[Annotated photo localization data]
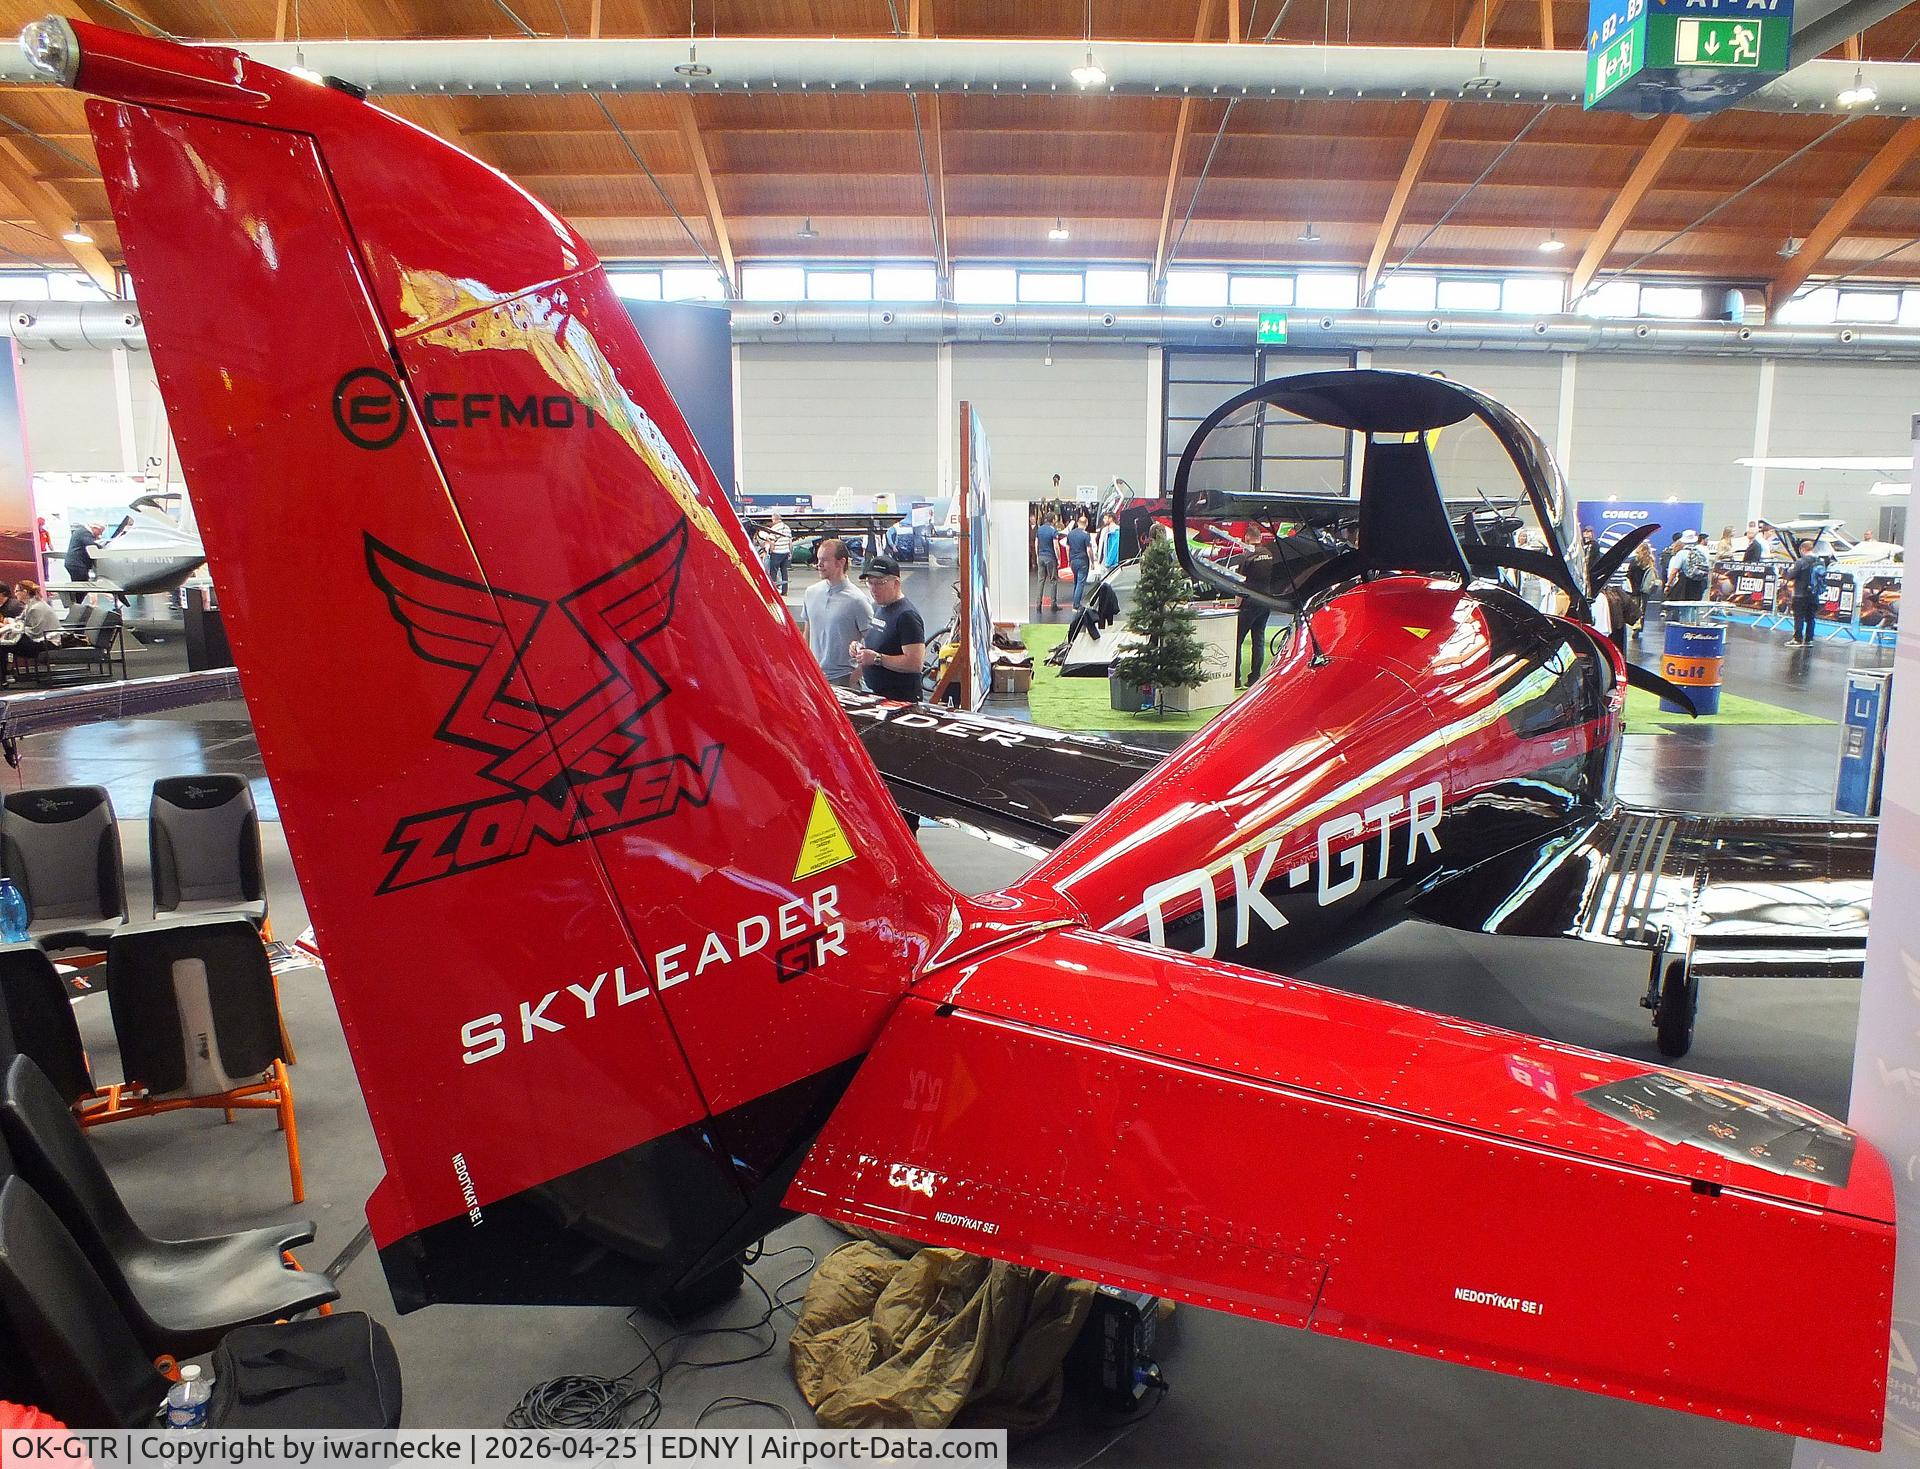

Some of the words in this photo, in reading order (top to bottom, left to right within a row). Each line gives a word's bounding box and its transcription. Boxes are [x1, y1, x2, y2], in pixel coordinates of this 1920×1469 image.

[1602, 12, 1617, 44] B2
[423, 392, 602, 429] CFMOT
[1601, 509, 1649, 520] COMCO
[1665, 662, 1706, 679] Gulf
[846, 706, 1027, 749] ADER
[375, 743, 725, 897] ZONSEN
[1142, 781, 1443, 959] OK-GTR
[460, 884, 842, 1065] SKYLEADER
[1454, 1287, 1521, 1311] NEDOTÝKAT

• [The task]
Repeat the records above verbatim, dropping the pictures.

• [Written response]
Some of the words in this photo, in reading order (top to bottom, left to right within a row). Each line gives a word's bounding box and its transcription. Boxes are [x1, y1, x2, y2], in pixel coordinates of this 1920×1469 image.

[1602, 12, 1617, 44] B2
[423, 392, 602, 429] CFMOT
[1601, 509, 1649, 520] COMCO
[1665, 662, 1706, 679] Gulf
[846, 706, 1027, 749] ADER
[375, 743, 725, 897] ZONSEN
[1142, 781, 1443, 959] OK-GTR
[460, 884, 842, 1065] SKYLEADER
[1454, 1287, 1521, 1311] NEDOTÝKAT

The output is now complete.